The odds ratios and 95% CIs reflect the relationship between BPV as a continuous variable and outcomes as presented by studies, or as the fourth quartile of BPV versus the first (as presented by 2 studies).
In hypertensive cohorts, a similar pattern of effect was seen (as reflected by yellow shading in Table 2), with the strength of association with adverse maternal outcomes as strong or stronger, particularly for maternal death (odds ratio, 1.69–2.07). Importantly, there was little evidence of an association of higher BPV with adverse perinatal outcomes and no protective effect evident.

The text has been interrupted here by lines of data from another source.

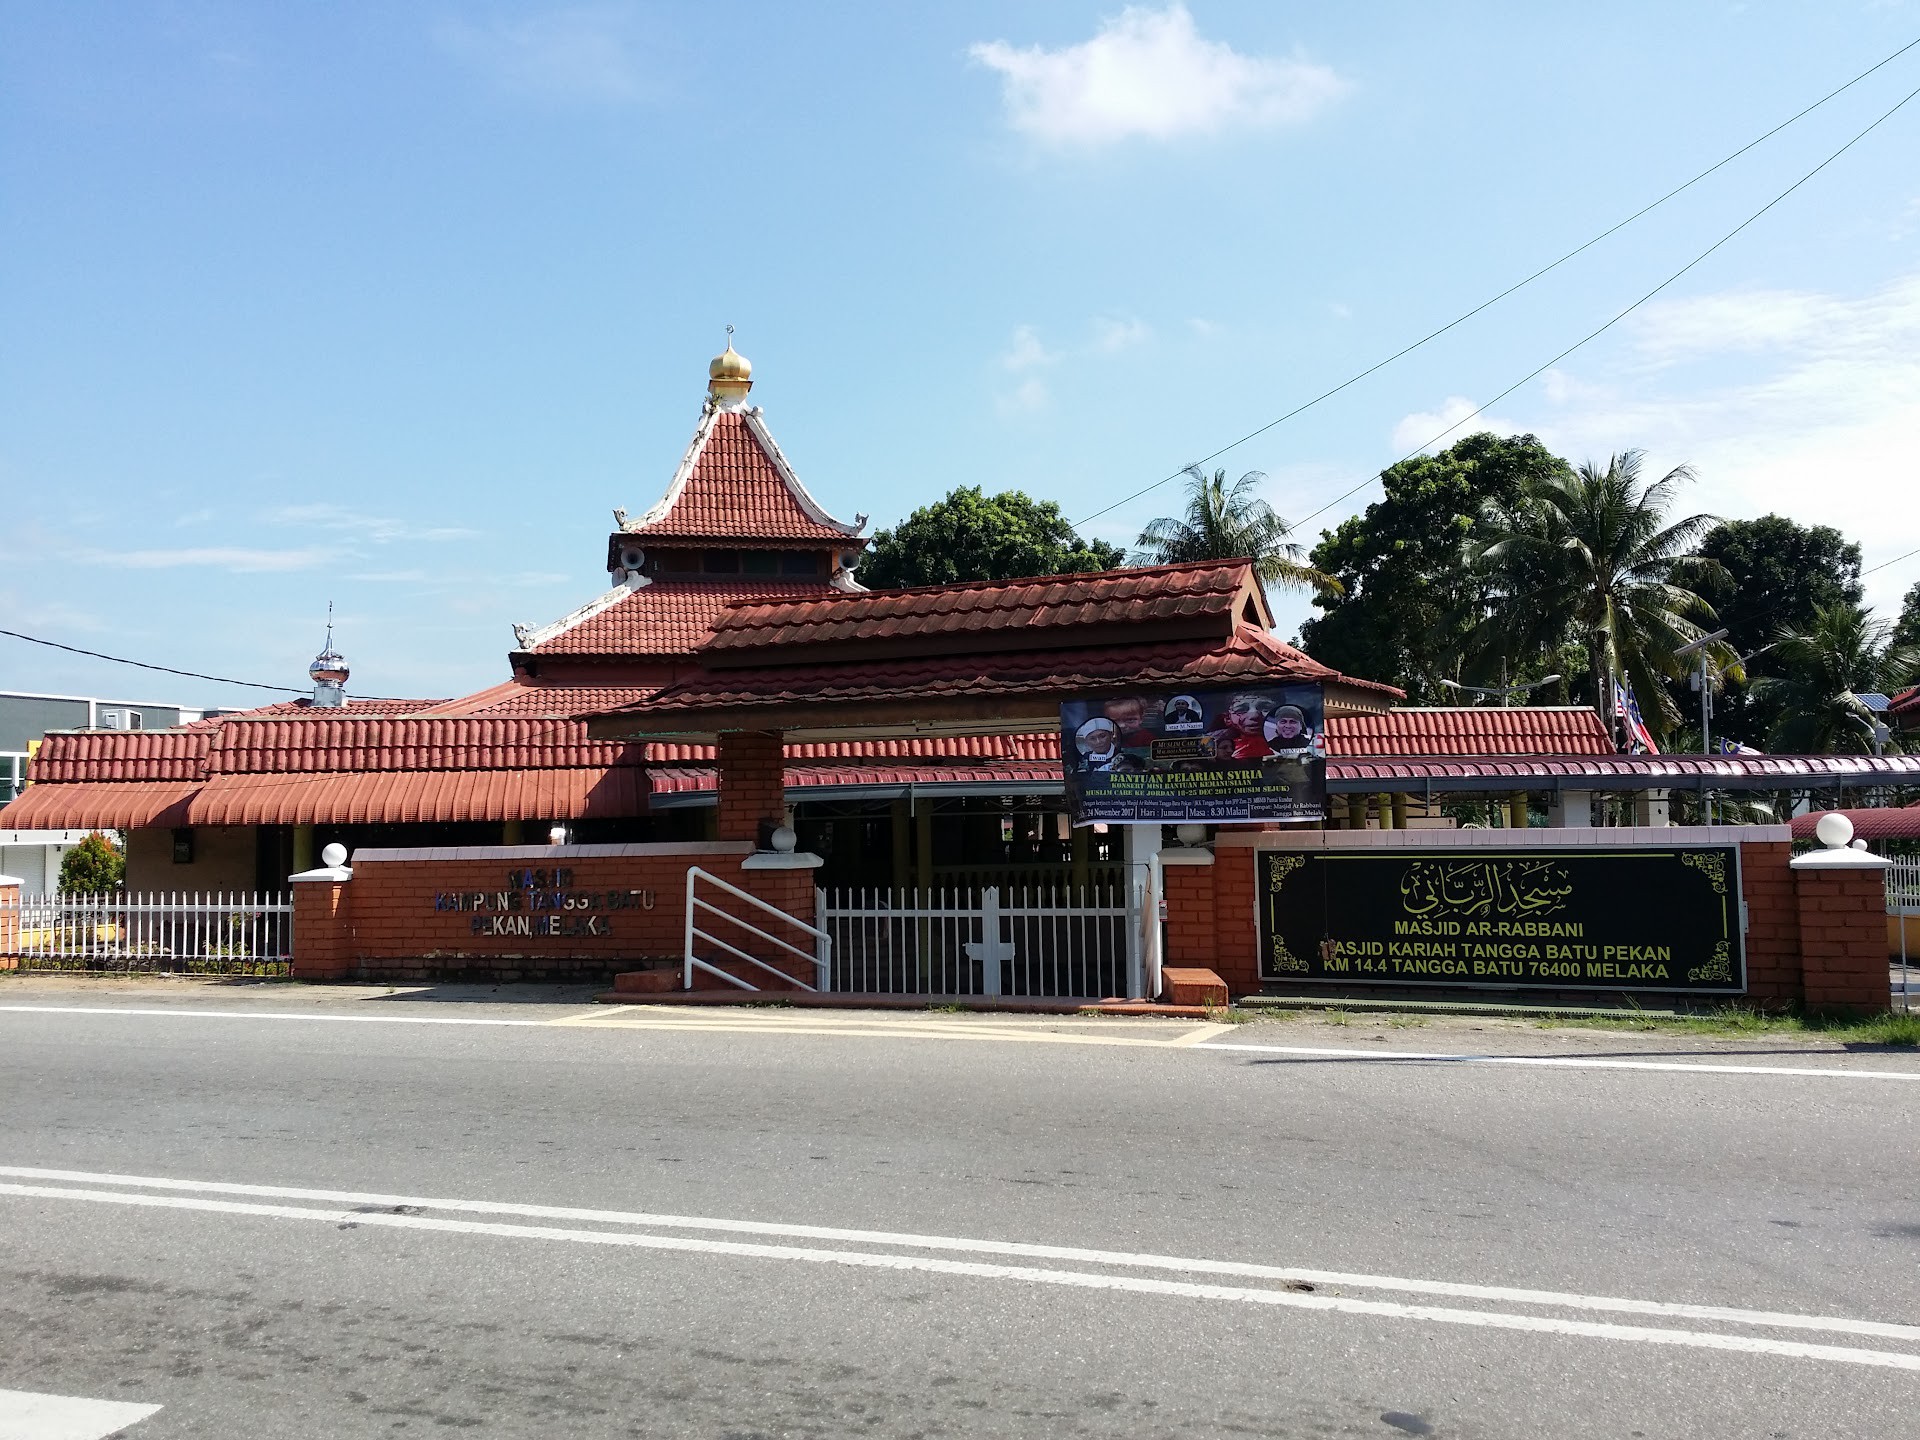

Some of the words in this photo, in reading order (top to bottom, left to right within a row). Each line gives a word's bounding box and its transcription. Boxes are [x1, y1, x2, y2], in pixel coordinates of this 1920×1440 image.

[1110, 773, 1163, 783] BANTUAN
[1166, 771, 1223, 782] PELARIAN
[1227, 769, 1263, 780] SYRIA
[1165, 781, 1198, 789] BANTUAN
[1200, 779, 1252, 788] KEMANUSIAAN
[1199, 788, 1213, 796] DEC
[1215, 787, 1231, 795] 2017
[1233, 786, 1260, 794] (MUSIM
[1263, 785, 1290, 793] SEJUK)
[1087, 808, 1093, 817] 24
[1094, 808, 1120, 817] November
[1121, 808, 1134, 817] 2017
[1189, 808, 1206, 817] Masa
[1210, 807, 1224, 817] 8.30
[1225, 806, 1248, 816] Malam
[1273, 803, 1291, 811] Masjid
[1140, 808, 1156, 817] Hari
[1161, 808, 1184, 818] Jumaat
[1272, 810, 1292, 818] Tangga
[435, 891, 521, 911] KAMPUNG
[528, 889, 603, 911] TANGGA
[607, 889, 655, 910] BATU
[1395, 921, 1461, 936] MASJID
[1466, 921, 1584, 937] AR-RABBANI
[1325, 941, 1383, 956] ASJID
[1388, 942, 1456, 957] KARIAH
[1461, 943, 1540, 959] TANGGA
[1546, 945, 1597, 960] BATU
[1603, 946, 1671, 961] PEKAN
[1324, 958, 1349, 972] KM
[1354, 959, 1387, 973] 14.4
[1392, 959, 1468, 975] TANGGA
[1474, 961, 1523, 976] BATU
[1529, 961, 1580, 977] 76400
[1587, 963, 1669, 978] MELAKA
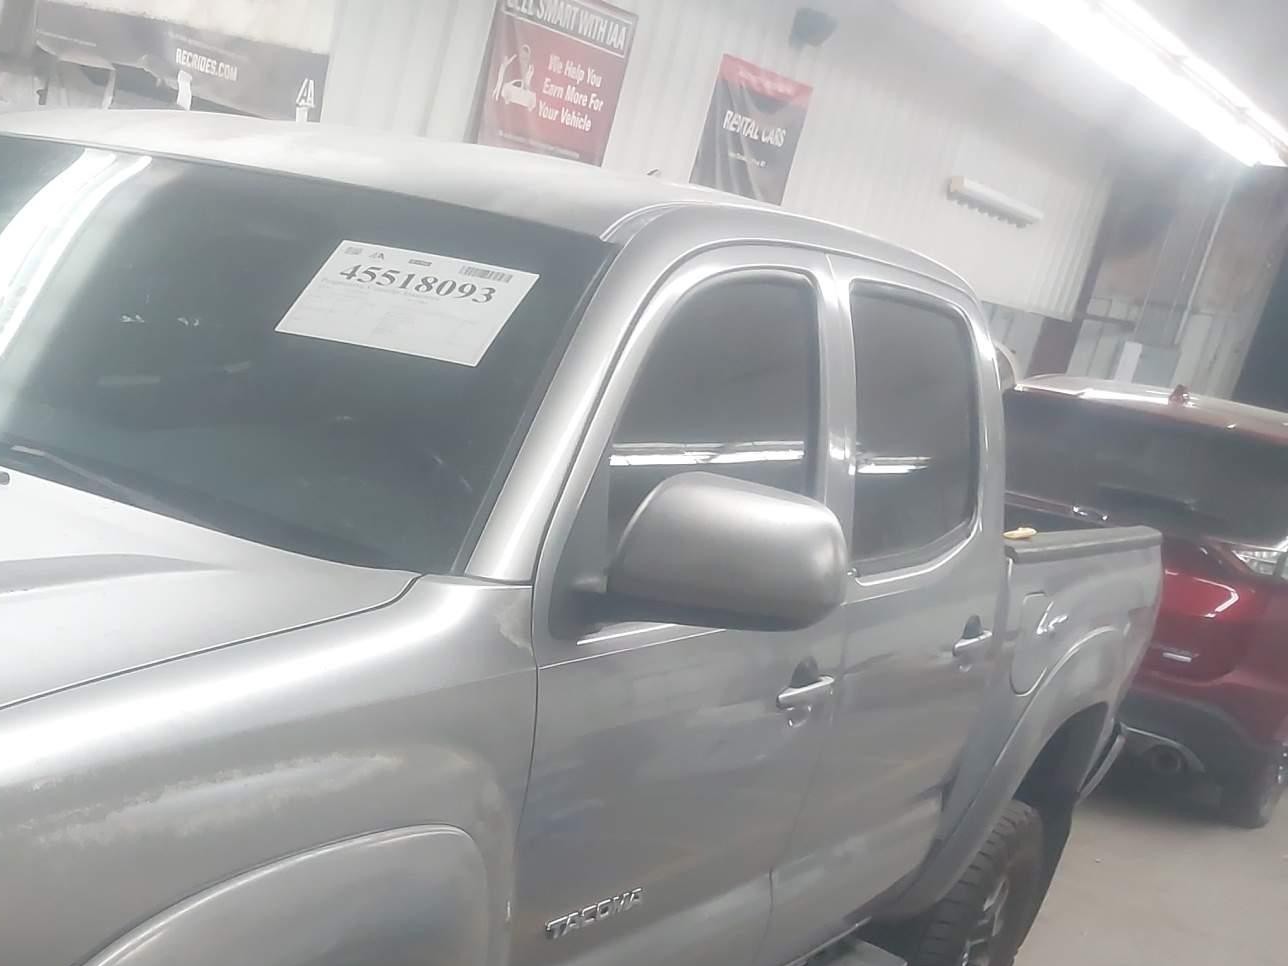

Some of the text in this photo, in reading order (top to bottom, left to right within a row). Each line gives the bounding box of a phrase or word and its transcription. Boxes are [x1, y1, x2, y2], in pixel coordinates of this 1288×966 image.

[536, 0, 580, 32] SMART
[577, 10, 608, 43] WITH
[606, 21, 627, 50] IAA
[175, 47, 238, 81] RECRIDES.COM
[548, 54, 603, 88] We Help You
[542, 77, 604, 112] Earn More For
[538, 100, 592, 132] Your Vehicle
[761, 127, 787, 148] CARS
[339, 264, 497, 304] 45518093
[544, 887, 643, 939] TACOMA
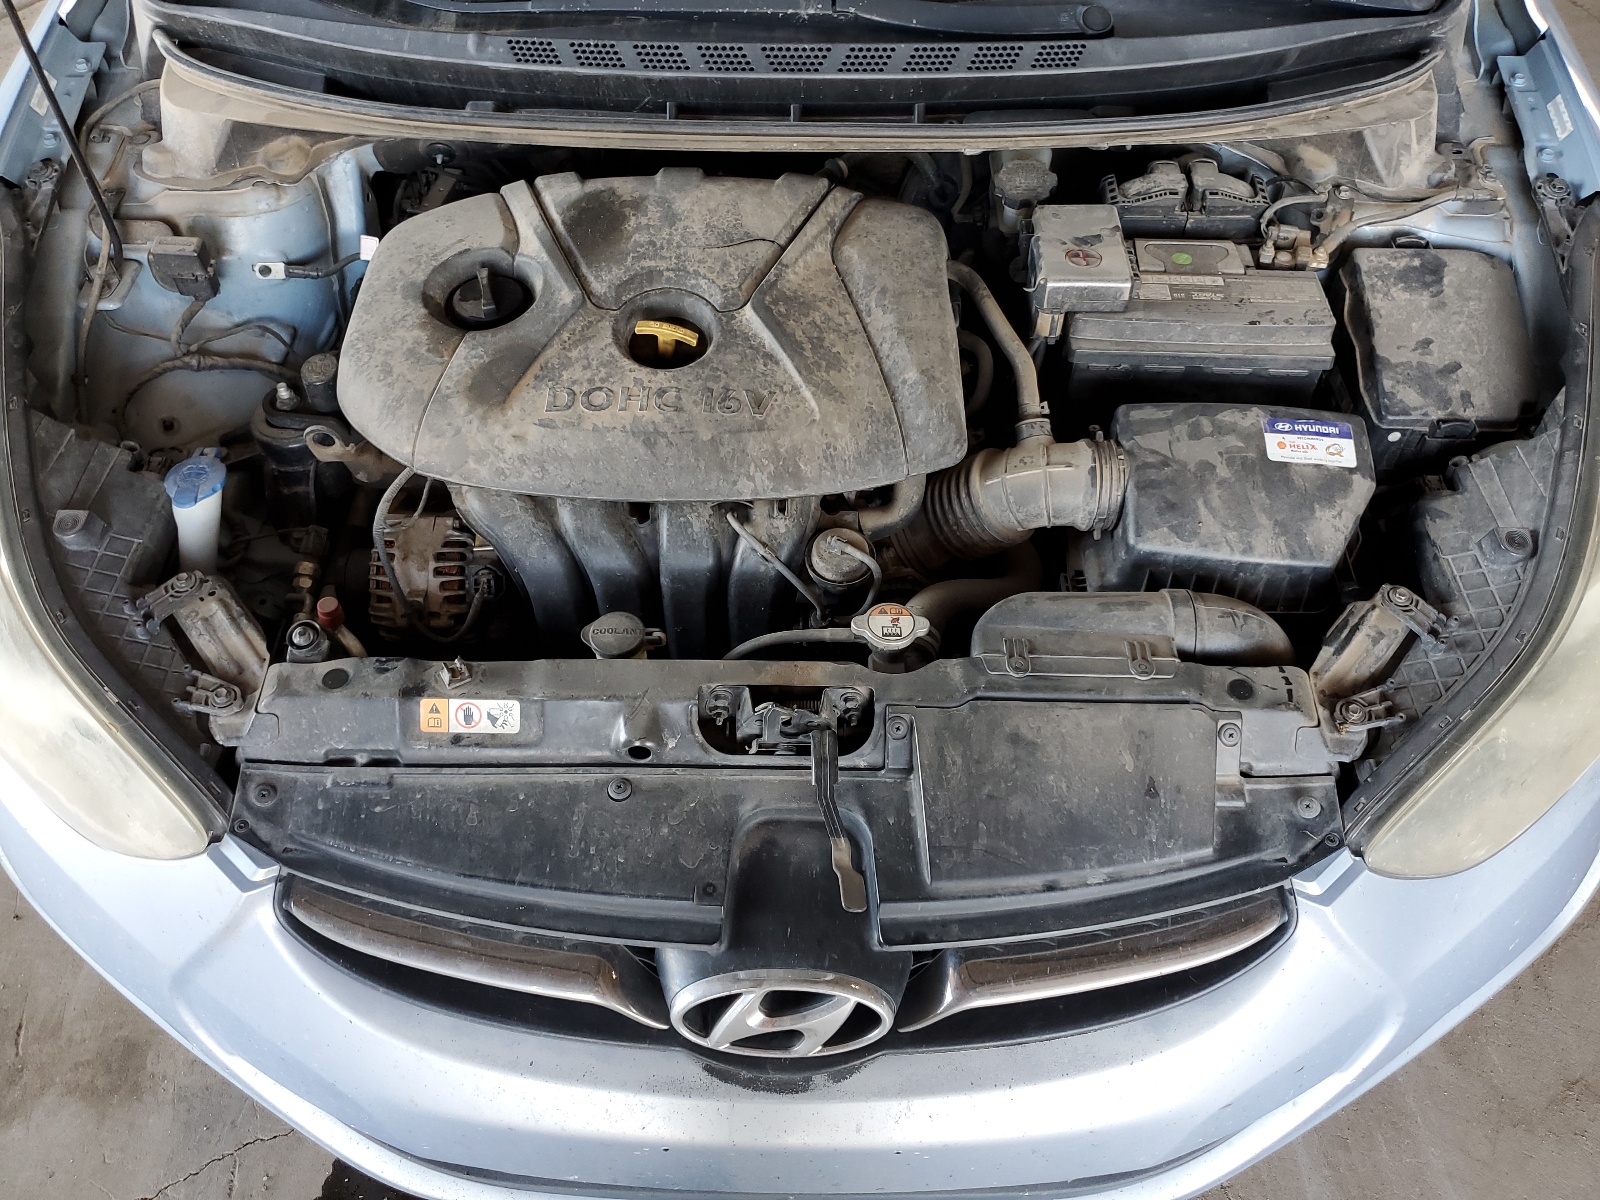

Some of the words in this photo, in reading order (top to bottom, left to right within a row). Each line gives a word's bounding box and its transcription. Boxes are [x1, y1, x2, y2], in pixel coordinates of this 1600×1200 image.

[545, 387, 682, 412] DOHC
[702, 387, 777, 417] 16V
[1295, 424, 1340, 435] HYUNDAI
[1289, 442, 1318, 450] HELIX

For detailed outcomes by study, see Tables S8 (maternal) and S9 (perinatal) for BPV as a continuous variable, and Table S10 for BPV assessed in quartiles.
Sensitivity Analysis
To examine potential reverse causality, secondary analyses of the CHIPS (Control of Hypertension in Pregnancy Study) 9 and the CLIP (Community‐Level Interventions for Pre‐eclampsia) 11 trials excluded BP values 7, 14, 21, and 28 days before the outcomes of interest. In CHIPS (a hypertensive cohort), this attenuated the relationship between higher BPV and adverse maternal outcomes, but the apparent association between more diastolic BPV and fewer adverse perinatal outcomes increased. 9 In CLIP (an unselected pregnancy cohort), while there was no longer an association between systolic BPV and outcomes, the association between diastolic BPV and maternal death and stillbirth remained, and the strength of association between BPV and adverse perinatal outcomes remained similar. 11 Adjusting for the last BP before birth in each of the CHIPS and CLIP trials did not substantially change results. 9 , 11
To examine the impact of examining BPV–outcome associations in women with at least 2 (rather than 3) BP records, Liu et al produced similar results. 10 In additional analyses stratified by common confounders (of maternal age, body mass index, hypertensive disorders of pregnancy, gestational diabetes, parity, term delivery, and infant sex), associations between diastolic BPV and SGA were similar to the main results. 10
In one study, adding systolic BP CV to established hypertensive disorders of pregnancy risk factors improved the identification of participants at risk of gestational hypertension, based on an increase in the concordance statistic from 0.87 (95% CI, 0.86–0.88) to 0.92 (95% CI, 0.91–0.93). 8
Discussion
Principal Findings
In this systematic review of 8 studies and almost 140 000 women, higher BPV in pregnancy was associated with a higher risk of adverse maternal outcomes. BPV was most commonly assessed by SD and the association adjusted for both BP level and established risk factors for adverse pregnancy outcomes.
Among unselected pregnancies, higher BPV was associated with adverse maternal outcomes, most notably gestational hypertension, and severe hypertension, as well as adverse perinatal outcomes, particularly occurrence of smaller babies (SGA and low birth weight) and stillbirth.
Among hypertensive pregnancies specifically, the link between higher BPV and development of adverse maternal outcomes appeared to be stronger than in unselected pregnancies. However, there was no consistent association between higher BPV and more adverse perinatal outcomes, and certainly no evidence that higher BPV was protective for the baby.
Of note, no studies were identified that evaluated the relationship between visit‐to‐visit HRV and pregnancy outcomes.
Comparison With the Literature and Interpretation
To the best of our knowledge, this is the first systematic review of BPV and its association with pregnancy outcomes.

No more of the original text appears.